=== Begin Enclosure ===

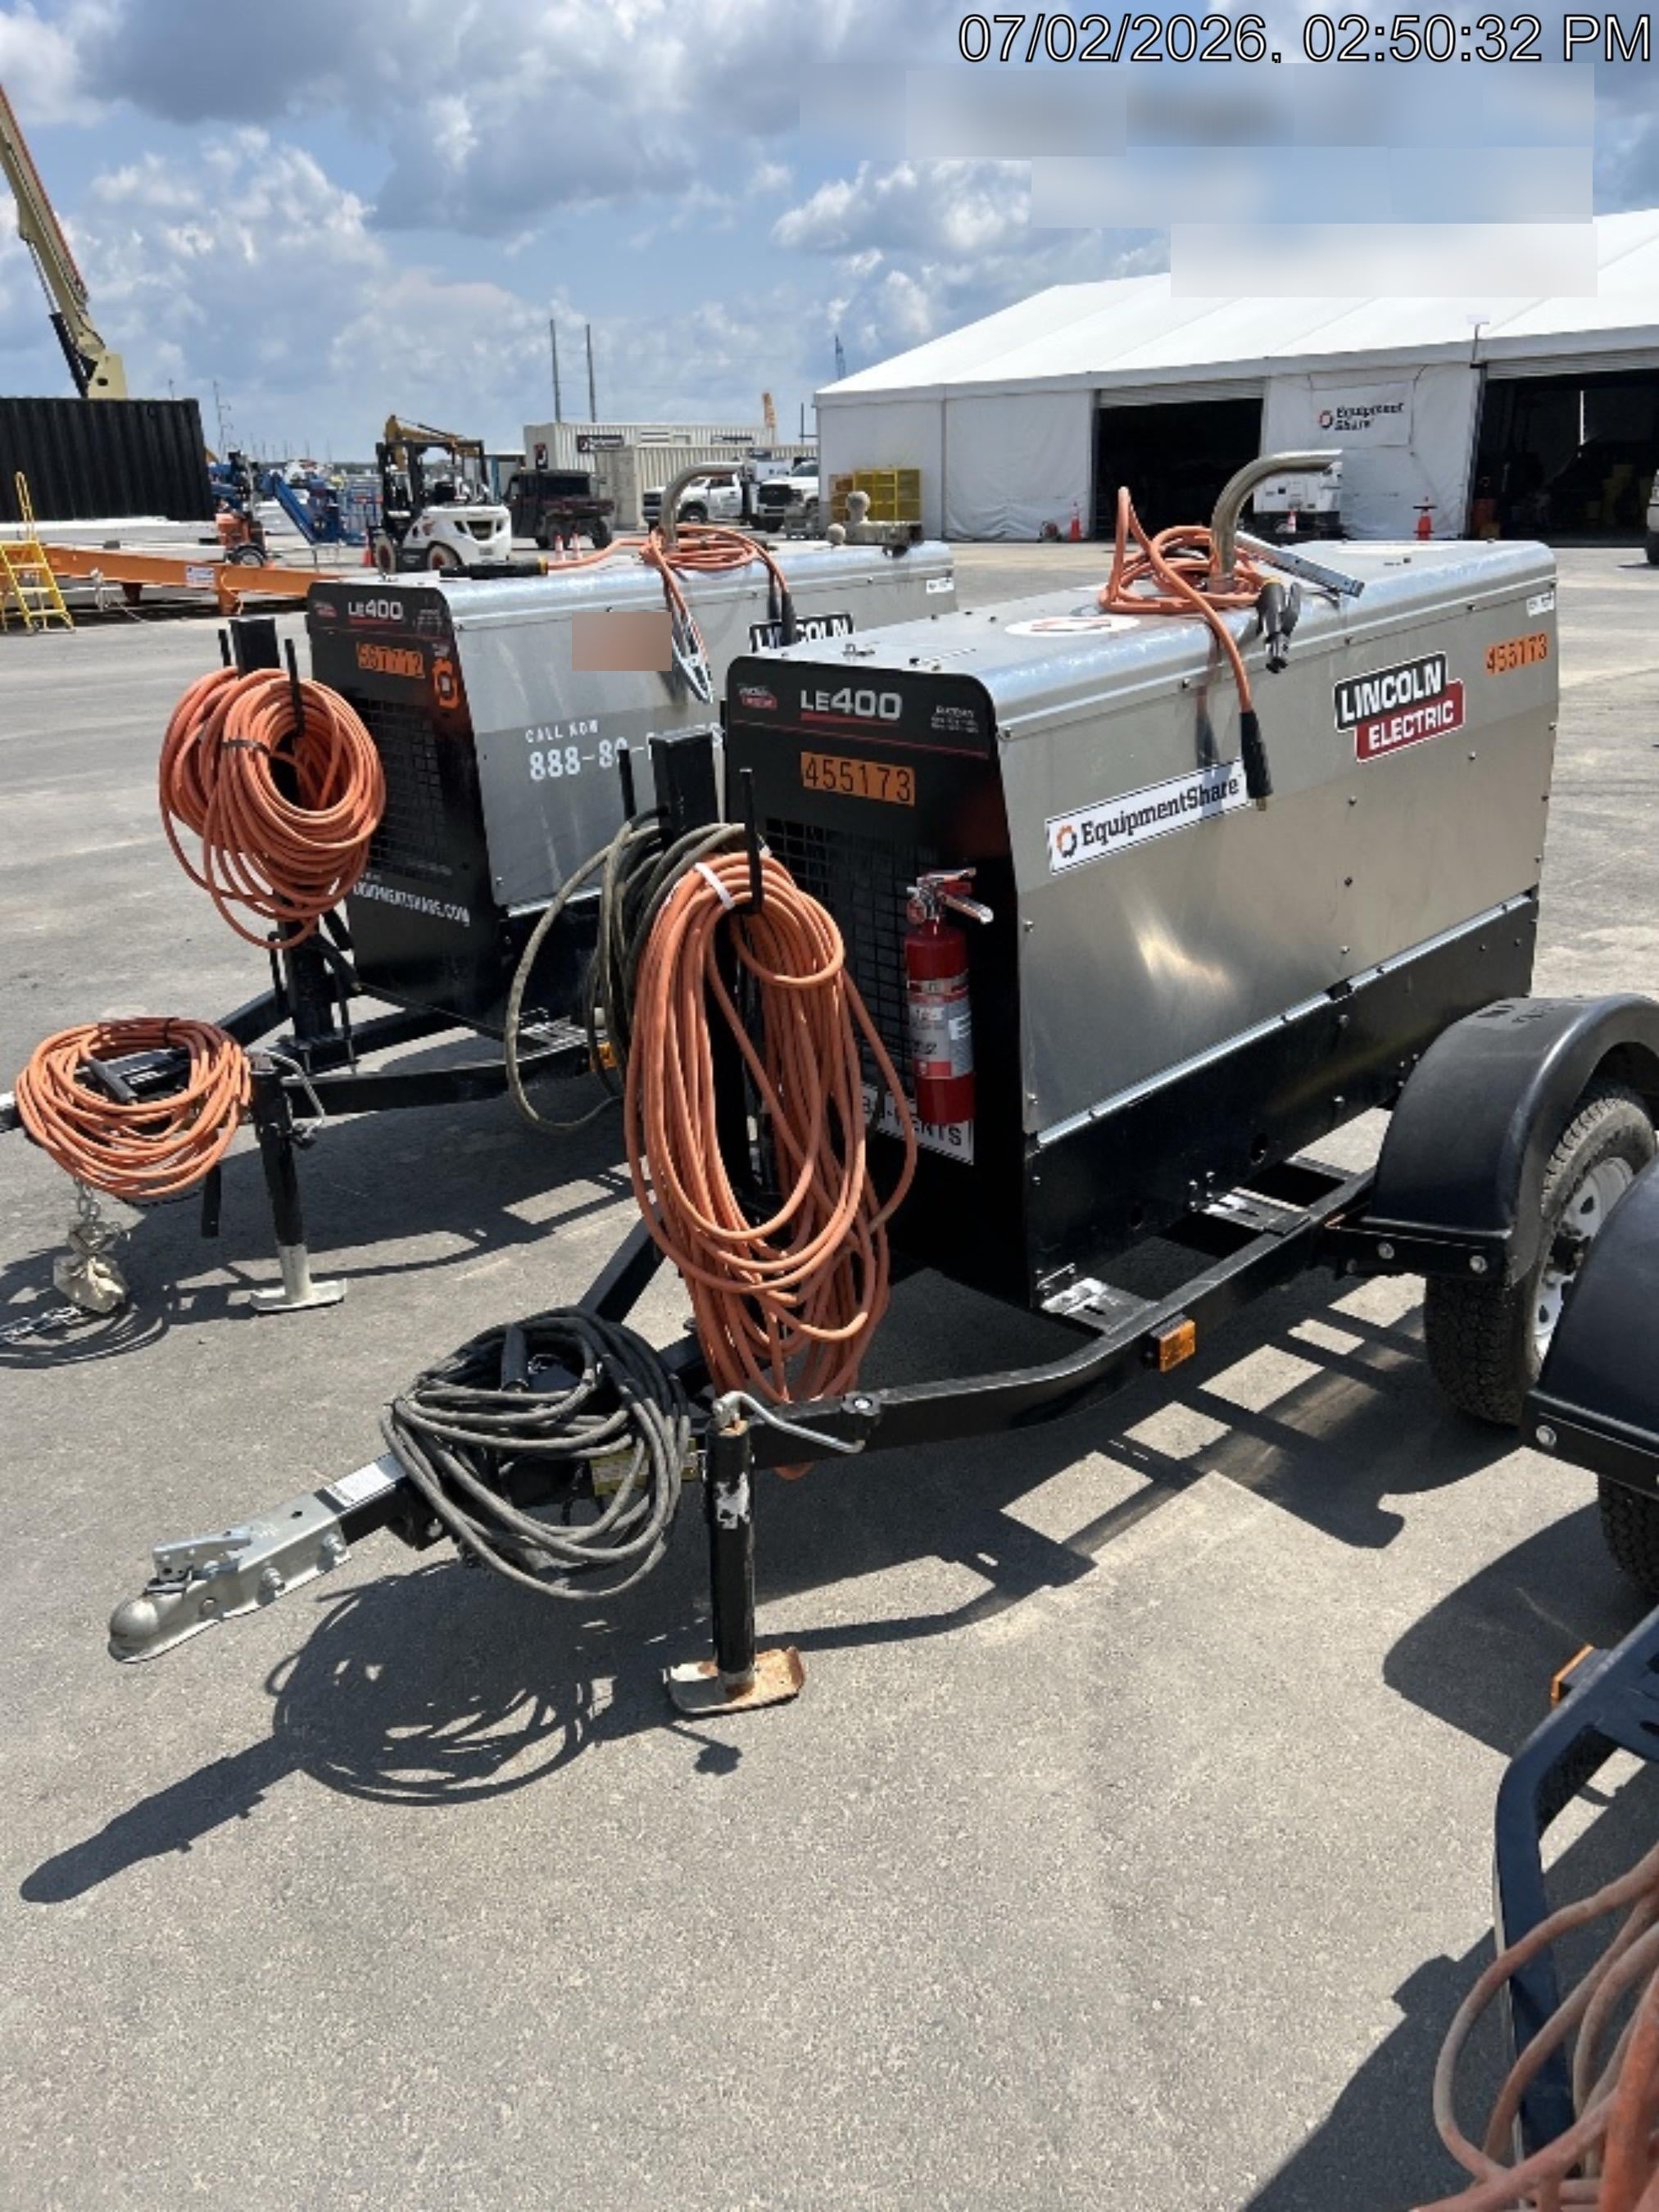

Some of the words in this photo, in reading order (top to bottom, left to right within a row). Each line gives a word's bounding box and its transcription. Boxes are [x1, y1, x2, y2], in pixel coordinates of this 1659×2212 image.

[347, 599, 404, 620] LE400
[1486, 633, 1547, 673] 455173
[800, 687, 902, 721] LE400
[1340, 660, 1442, 723] LINCOLN
[525, 723, 564, 742] CALL
[1368, 700, 1454, 750] ELECTRIC
[805, 755, 911, 802] 455173
[1081, 777, 1240, 846] EquipmentShare
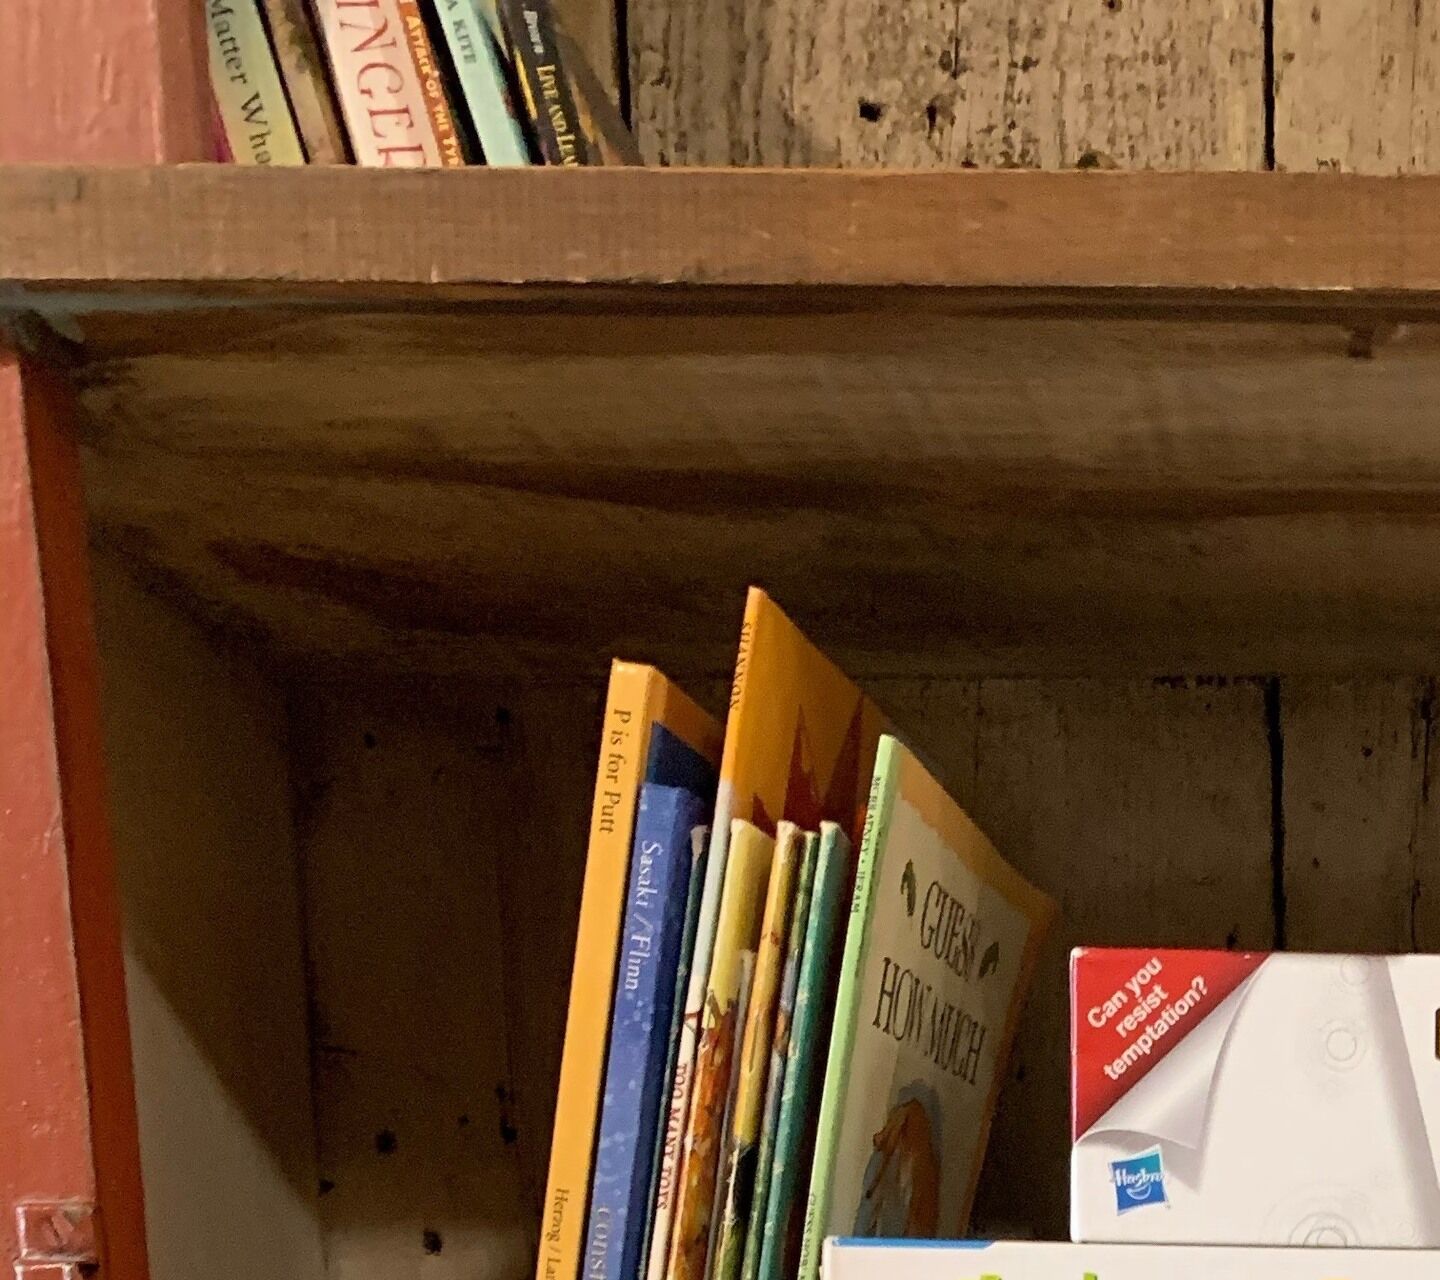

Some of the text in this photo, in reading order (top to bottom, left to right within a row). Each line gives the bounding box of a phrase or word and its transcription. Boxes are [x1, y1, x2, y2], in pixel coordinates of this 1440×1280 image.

[452, 19, 477, 64] KITE
[598, 707, 632, 835] P is for Putt
[636, 839, 664, 906] Sasaki
[624, 923, 652, 991] Flinn
[919, 879, 981, 982] GUESS
[872, 956, 932, 1044] HOW
[1087, 956, 1164, 1029] Can you
[1103, 974, 1209, 1081] temptation?
[1115, 982, 1170, 1039] resist
[923, 995, 988, 1086] MUCH
[656, 1061, 689, 1211] TOO MANY TOYS
[1112, 1166, 1168, 1189] Hasbro
[546, 1187, 571, 1244] Herzog
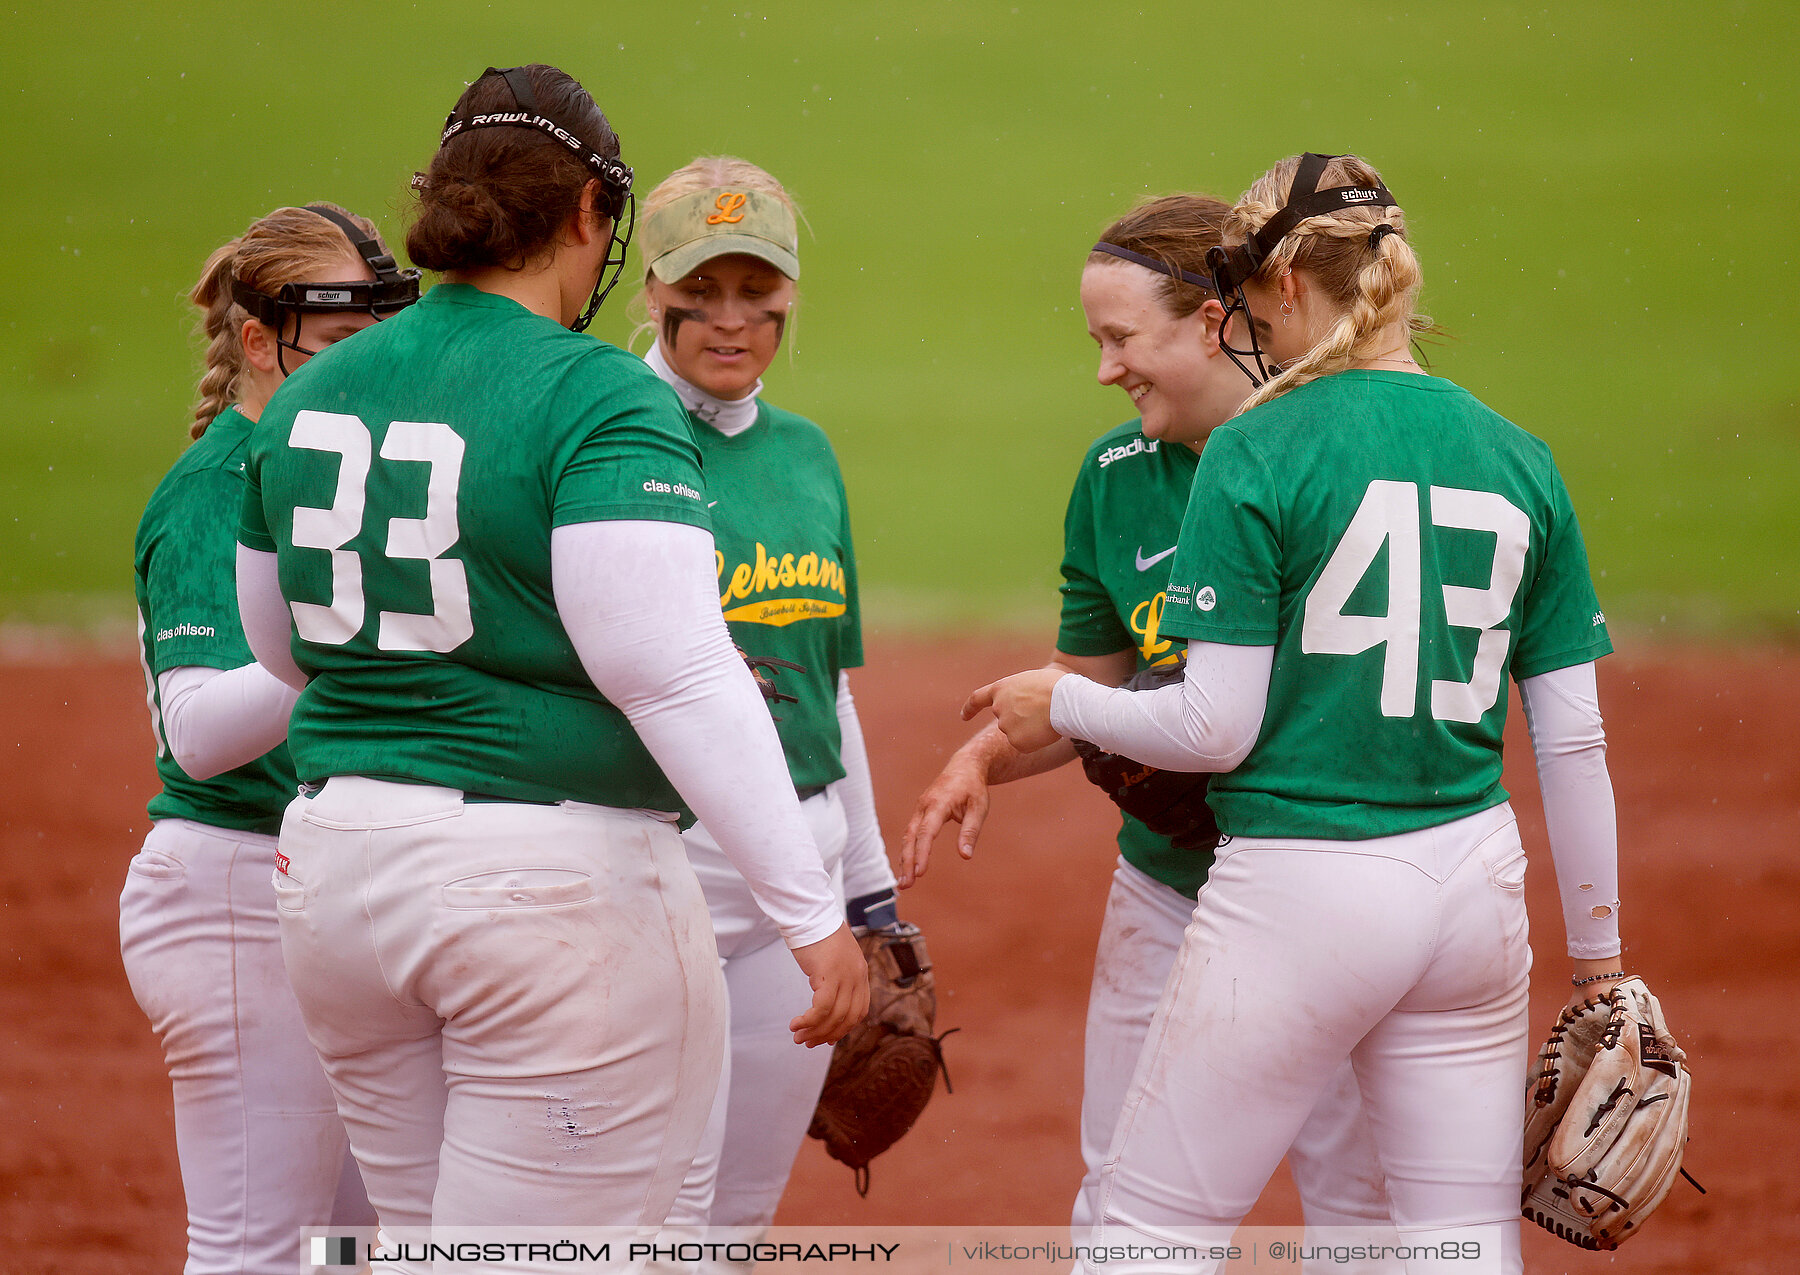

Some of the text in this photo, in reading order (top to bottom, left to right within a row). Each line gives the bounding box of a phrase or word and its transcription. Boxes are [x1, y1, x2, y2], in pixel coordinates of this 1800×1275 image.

=== End Enclosure ===

- ASSIGNED TASK -
Each line of the data should be quoted exactly, with pictures left out.

- EXERCISE RESPONSE -
Some of the words in this photo, in reading order (top to bottom, left to right within a row). Each line gives a word's bounding box and its transcription. Boxes are [x1, y1, x2, y2], in pixel coordinates of this 1659×2212 image.

[347, 599, 404, 620] LE400
[1486, 633, 1547, 673] 455173
[800, 687, 902, 721] LE400
[1340, 660, 1442, 723] LINCOLN
[525, 723, 564, 742] CALL
[1368, 700, 1454, 750] ELECTRIC
[805, 755, 911, 802] 455173
[1081, 777, 1240, 846] EquipmentShare

Some of the text in this photo, in reading order (top to bottom, left to right within a row). Each line gives the bounding box of a phrase or word and its transcription. Boxes are [x1, y1, x2, y2], in pixel coordinates of this 1440×1280 image.

[452, 19, 477, 64] KITE
[598, 707, 632, 835] P is for Putt
[636, 839, 664, 906] Sasaki
[624, 923, 652, 991] Flinn
[919, 879, 981, 982] GUESS
[872, 956, 932, 1044] HOW
[1087, 956, 1164, 1029] Can you
[1103, 974, 1209, 1081] temptation?
[1115, 982, 1170, 1039] resist
[923, 995, 988, 1086] MUCH
[656, 1061, 689, 1211] TOO MANY TOYS
[1112, 1166, 1168, 1189] Hasbro
[546, 1187, 571, 1244] Herzog

Some of the text in this photo, in reading order (top to bottom, left to right within a row). Each line gives the bounding box of a phrase or word and its transcription. Boxes are [x1, y1, x2, y2], in pixel coordinates of this 1800×1275 image.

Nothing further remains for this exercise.